In a speech in the White House Rose Garden, Bush is expected to urge the Senate to ban cloning as a potential method for creating children and as a tool for research into cures for disease.
But the approaching Senate debate is presenting him with a political challenge even more complex than the emotional battle over stem cell research that divided his administration last summer.
Then, Bush fashioned a compromise on the sharply polarizing issue of federal support for stem cell research. Although he failed to fully satisfy either scientists who supported the research or religious conservatives who opposed it, he found a middle ground that largely defused the controversy.
Now, though, both sides agree there is no obvious compromise available between those who want to ban all human cloning, and those who would permit cloning for medical research while barring it for reproduction.

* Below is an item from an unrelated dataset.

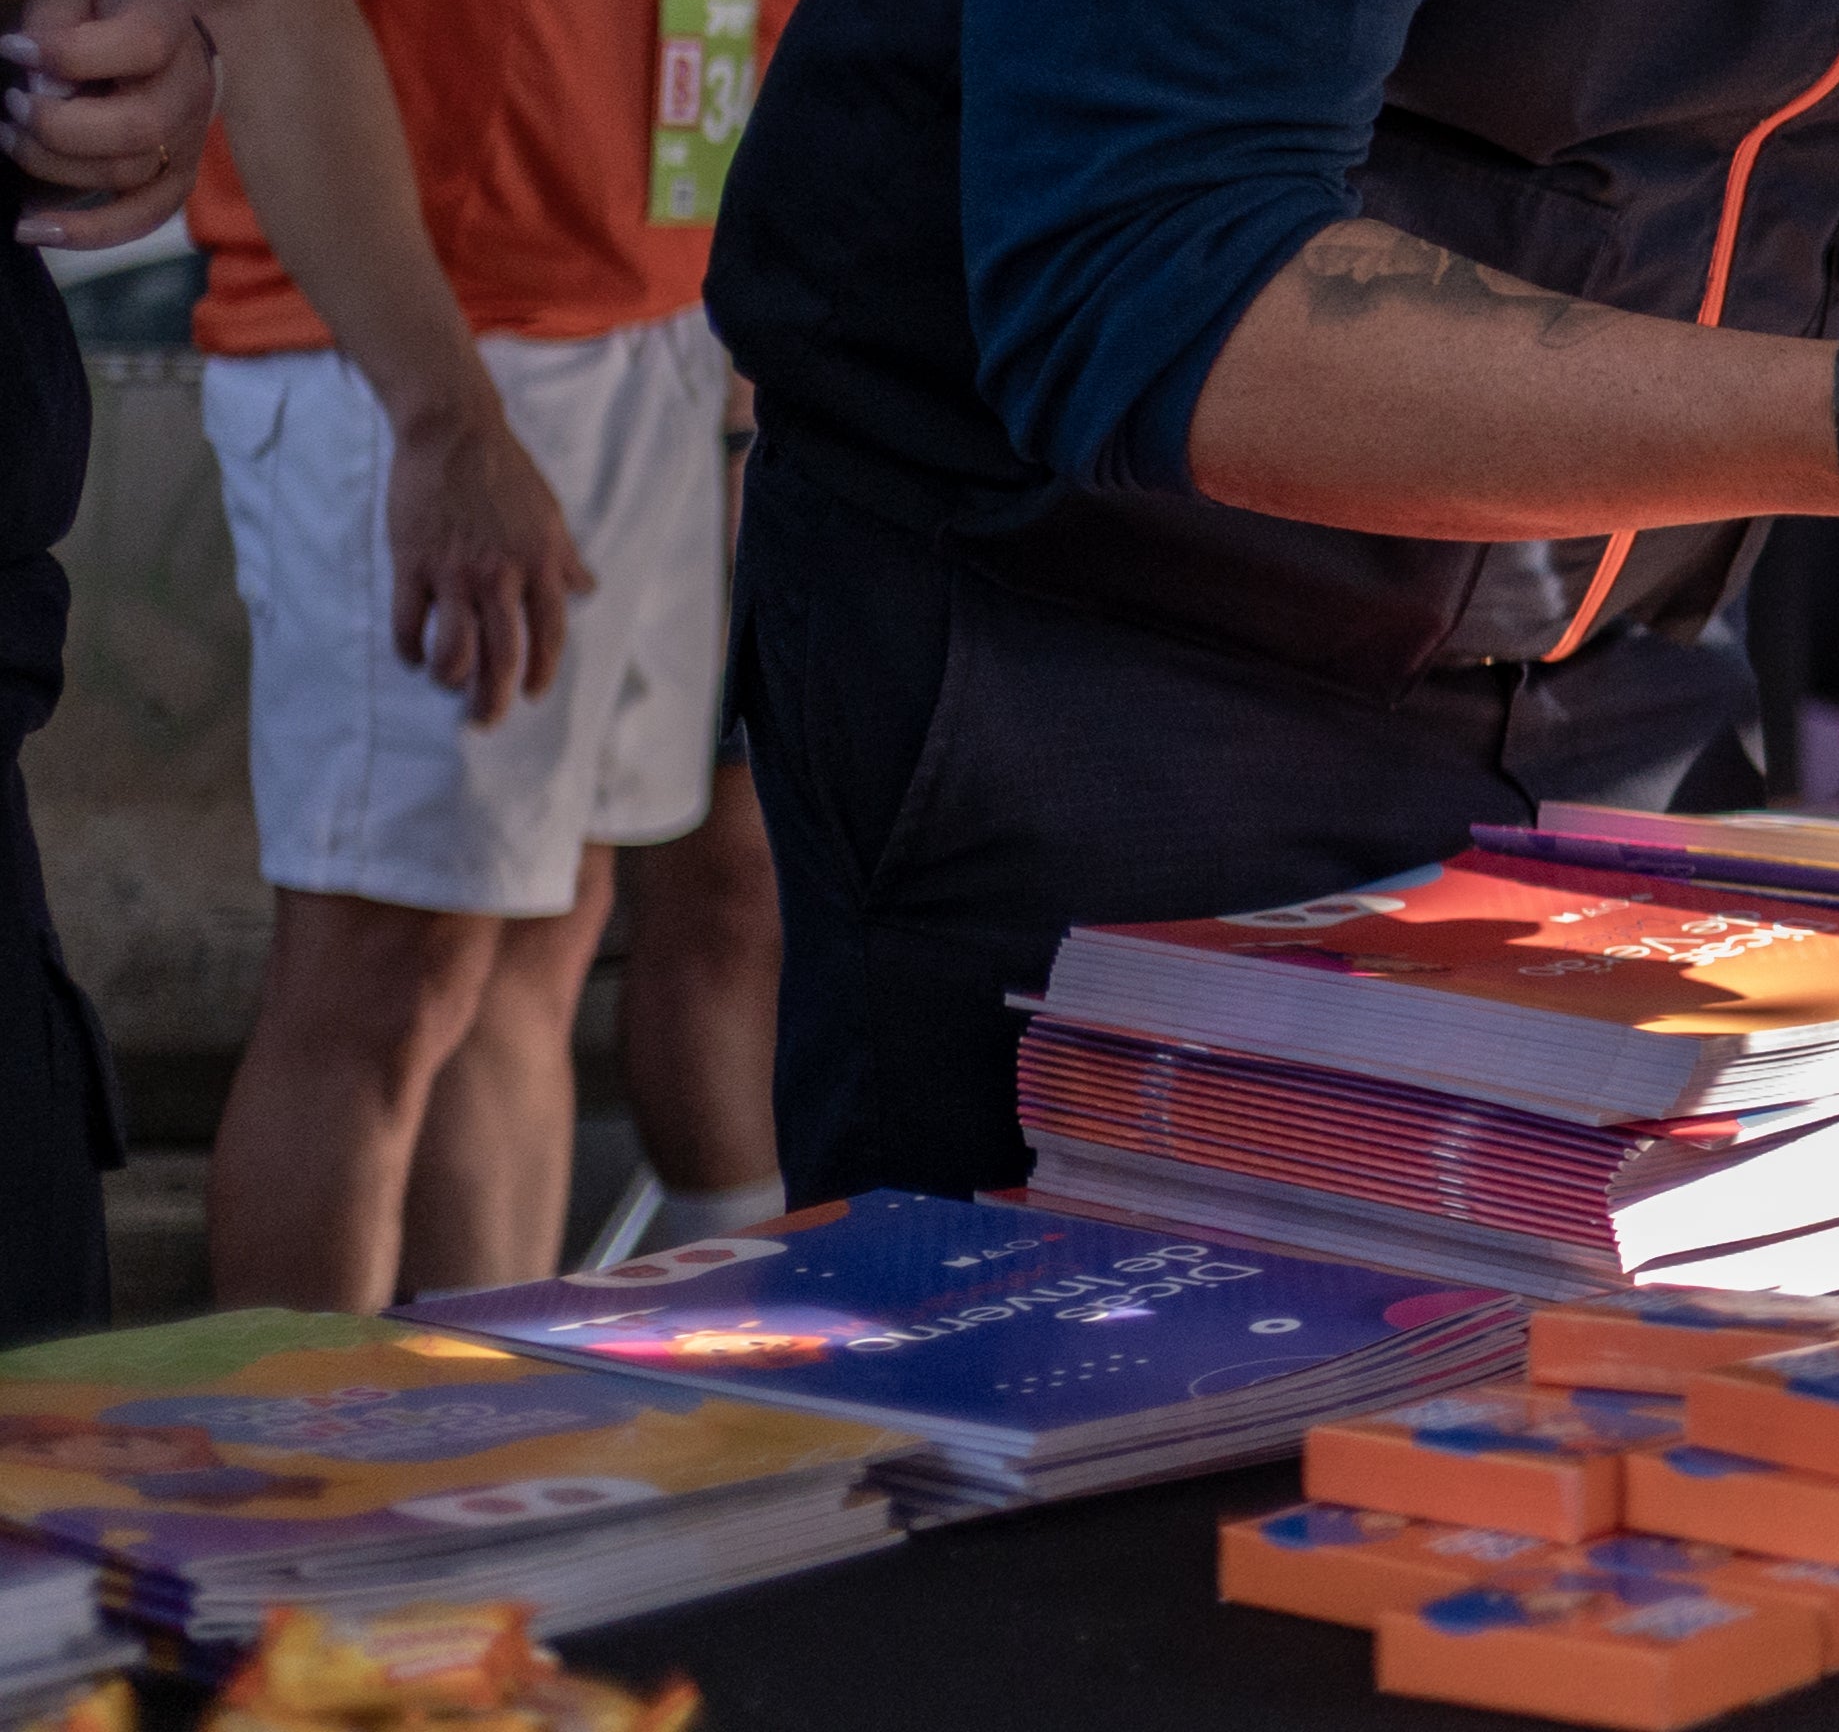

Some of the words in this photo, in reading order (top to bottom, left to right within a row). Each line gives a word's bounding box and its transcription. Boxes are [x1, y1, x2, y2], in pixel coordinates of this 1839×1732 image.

[1113, 1244, 1210, 1273] de
[846, 1274, 1128, 1352] Inverno
[1055, 1261, 1264, 1323] Dicas
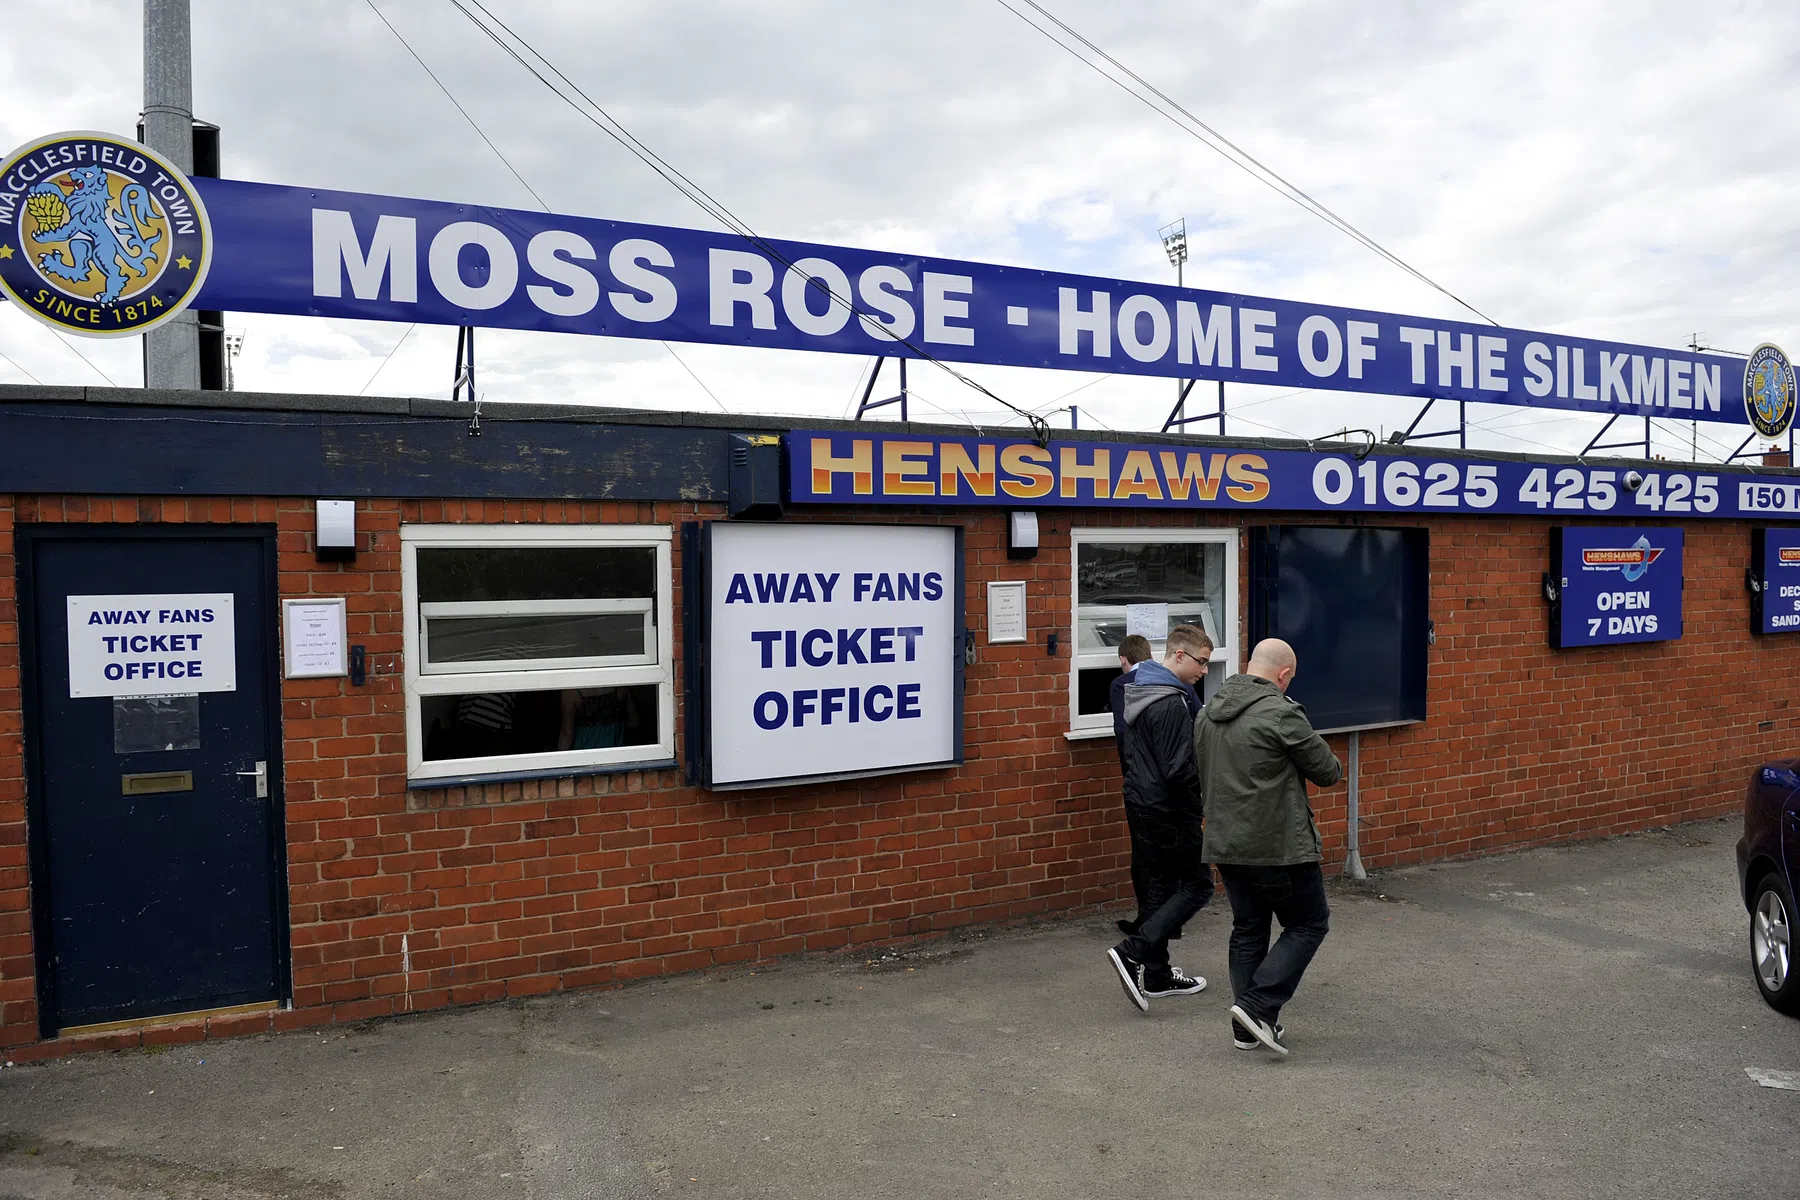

Bush has sided squarely with advocates of the comprehensive ban. But he has much less leverage than he did in the stem cell controversy to steer the debate toward his desired outcome.
In the stem cell decision, Bush used his executive powers to limit the federal government’s involvement in the controversial research. But a cloning ban will require congressional action. And while the House has passed the comprehensive ban that Bush and conservative groups favor, advocates of cloning in disease research — often called "therapeutic" cloning — are cautiously optimistic they have the votes they need to block a total ban in the Senate.
That could produce a legislative deadlock and leave the United States as one of the few Western nations without a ban on reproductive cloning — an outcome hardly anyone on the political spectrum supports.
"If in fact nothing happens, it leaves us in a difficult and very unfortunate place," said one White House official who asked not to be identified.